With the pictures omitted, set down exactly the lines from the one that contains "Some of the words" through the last line of the data.

**** Records to process

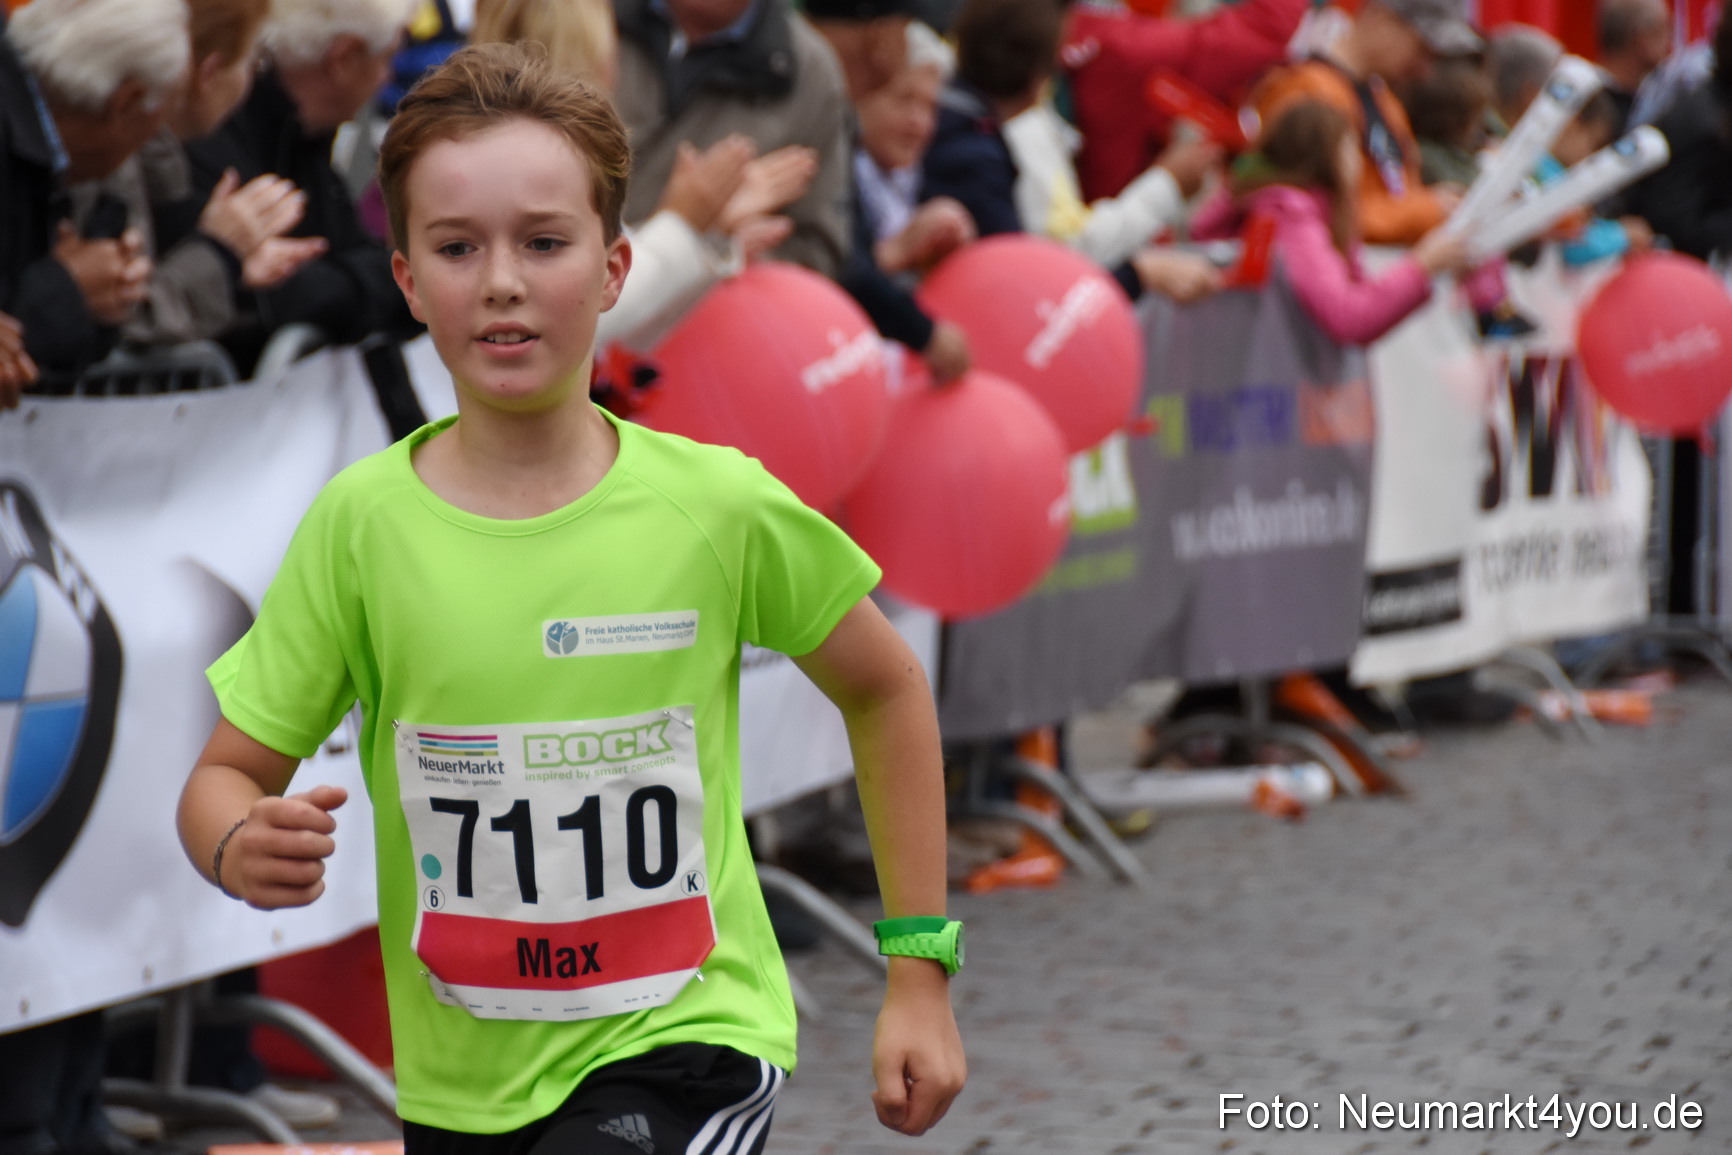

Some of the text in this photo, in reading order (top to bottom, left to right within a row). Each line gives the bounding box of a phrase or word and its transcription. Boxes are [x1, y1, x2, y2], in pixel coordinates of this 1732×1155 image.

[585, 619, 696, 635] Freie katholische Volksschule
[585, 637, 595, 645] im
[597, 636, 614, 644] Haus
[523, 719, 673, 769] BOCK
[418, 755, 505, 775] NeuerMarkt
[525, 755, 677, 783] inspired by smart concepts
[424, 774, 451, 784] einkaufen
[471, 779, 502, 788] genießen
[429, 785, 679, 905] 7110
[687, 873, 699, 893] K
[429, 889, 440, 908] 6
[516, 937, 603, 979] Max
[597, 1123, 655, 1155] adidas
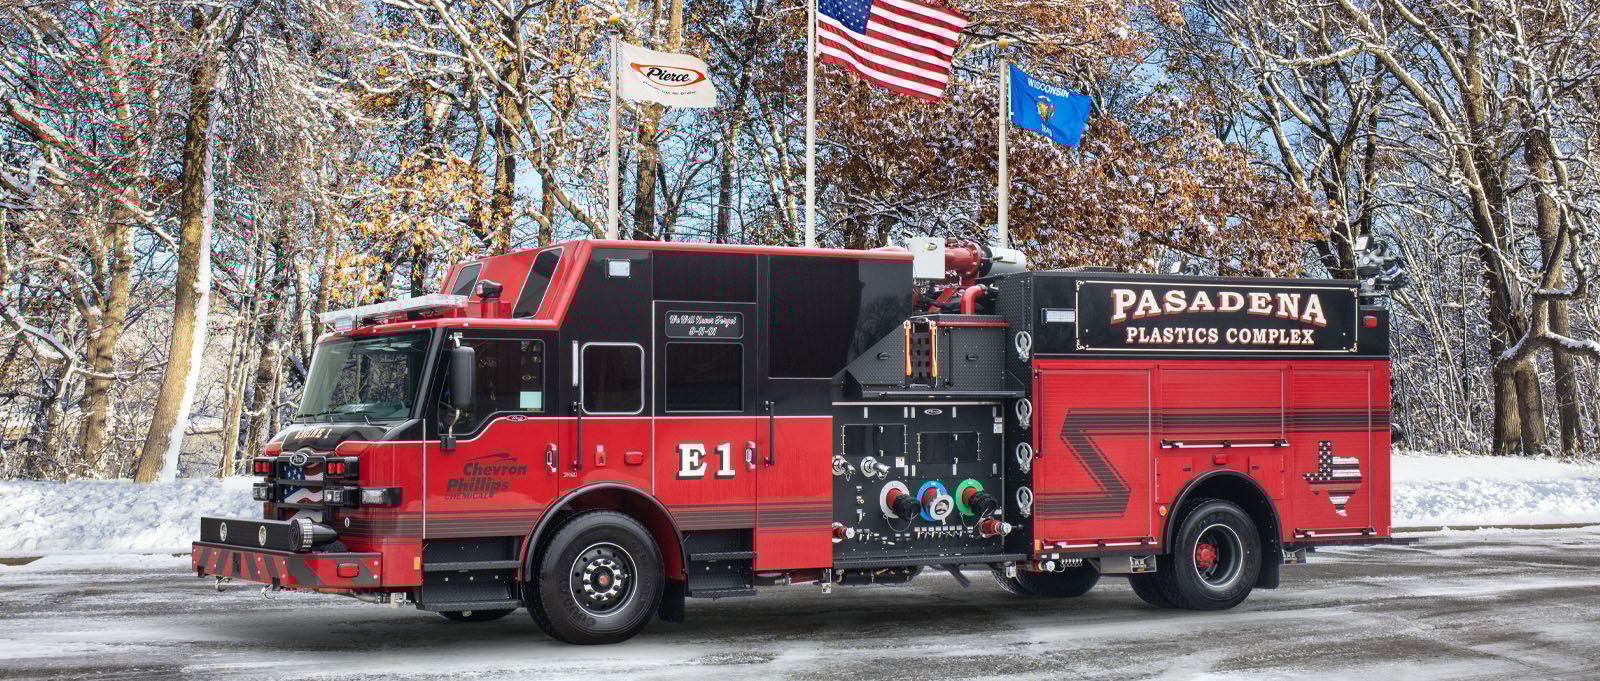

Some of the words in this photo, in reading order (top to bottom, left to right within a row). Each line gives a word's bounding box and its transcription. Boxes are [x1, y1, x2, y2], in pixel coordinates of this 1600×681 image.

[646, 67, 689, 82] Pierce
[1027, 77, 1070, 98] WISCONSIN
[1110, 288, 1327, 327] PASADENA
[1126, 326, 1219, 344] PLASTICS
[1226, 328, 1315, 345] COMPLEX
[464, 462, 527, 476] Chevron
[676, 442, 736, 480] E1
[445, 487, 490, 500] CHEMICAL
[447, 477, 509, 498] Phillips
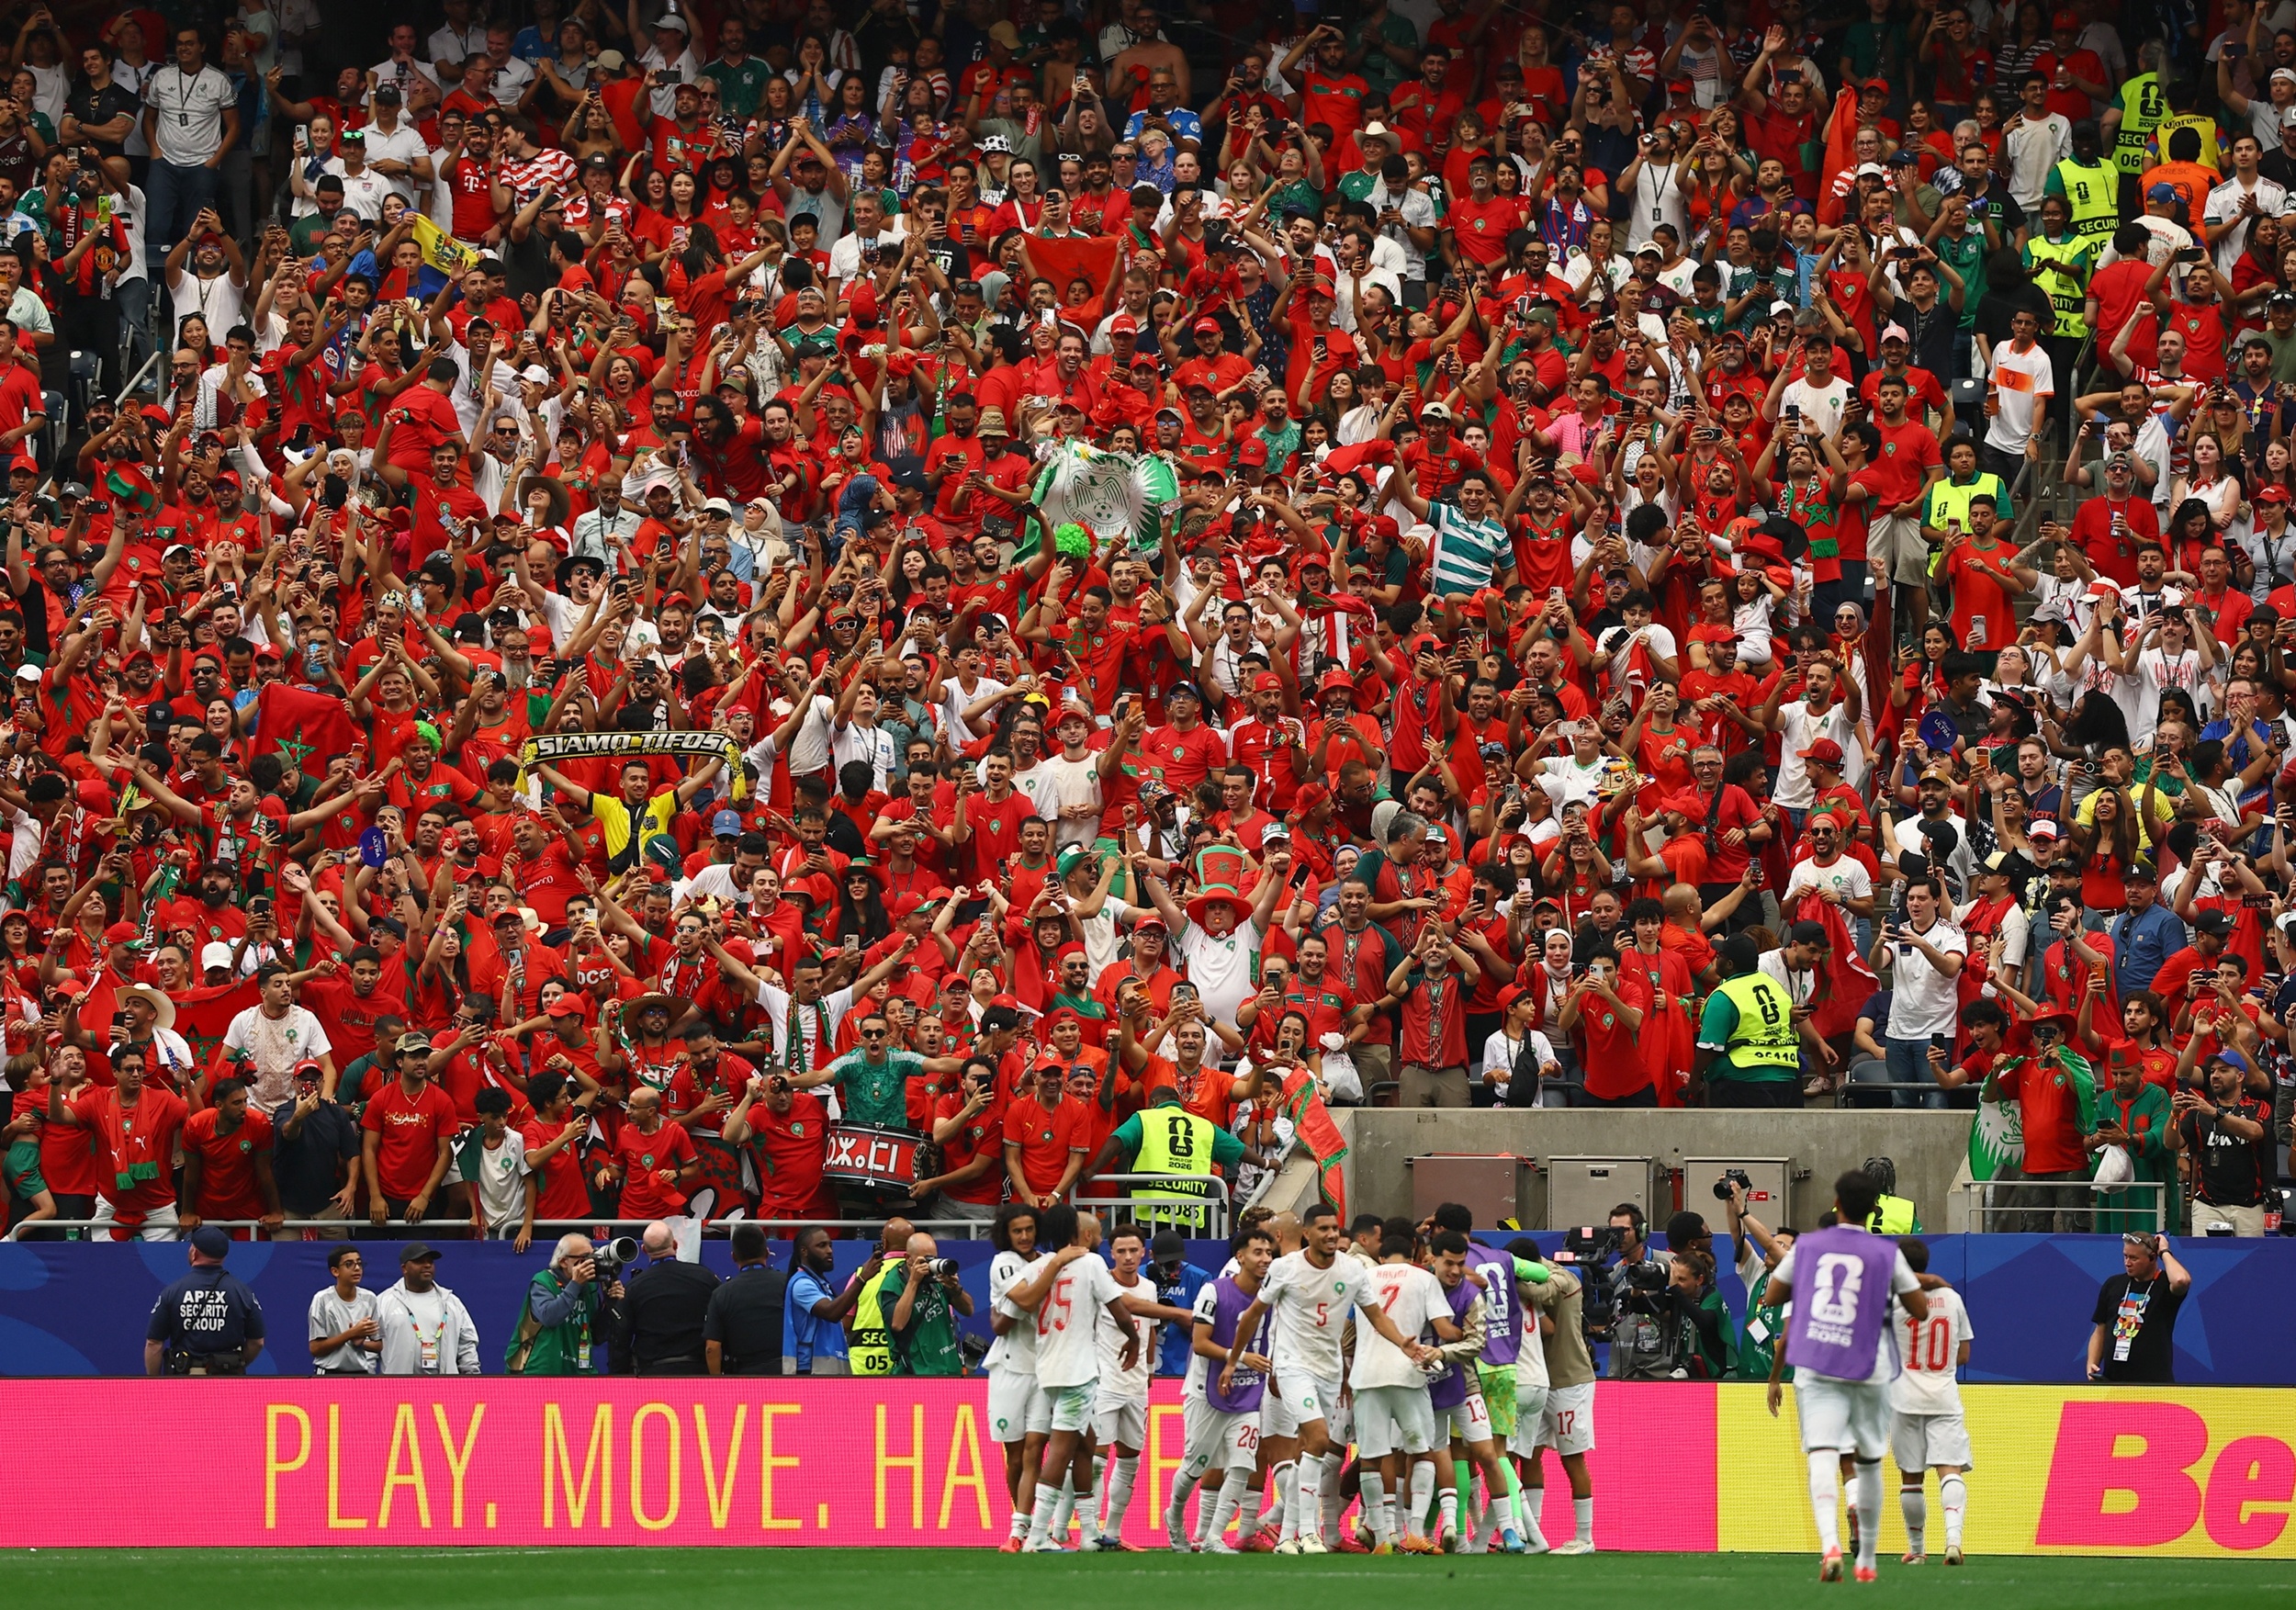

********

• Output below:
Some of the words in this photo, in reading order (top to bottom, left to right within a row). Each line gives a word's bounding box and its transcription. Boxes are [x1, y1, x2, y2], in pixel coordinates of this 1600×681 image.

[646, 67, 689, 82] Pierce
[1027, 77, 1070, 98] WISCONSIN
[1110, 288, 1327, 327] PASADENA
[1126, 326, 1219, 344] PLASTICS
[1226, 328, 1315, 345] COMPLEX
[464, 462, 527, 476] Chevron
[676, 442, 736, 480] E1
[445, 487, 490, 500] CHEMICAL
[447, 477, 509, 498] Phillips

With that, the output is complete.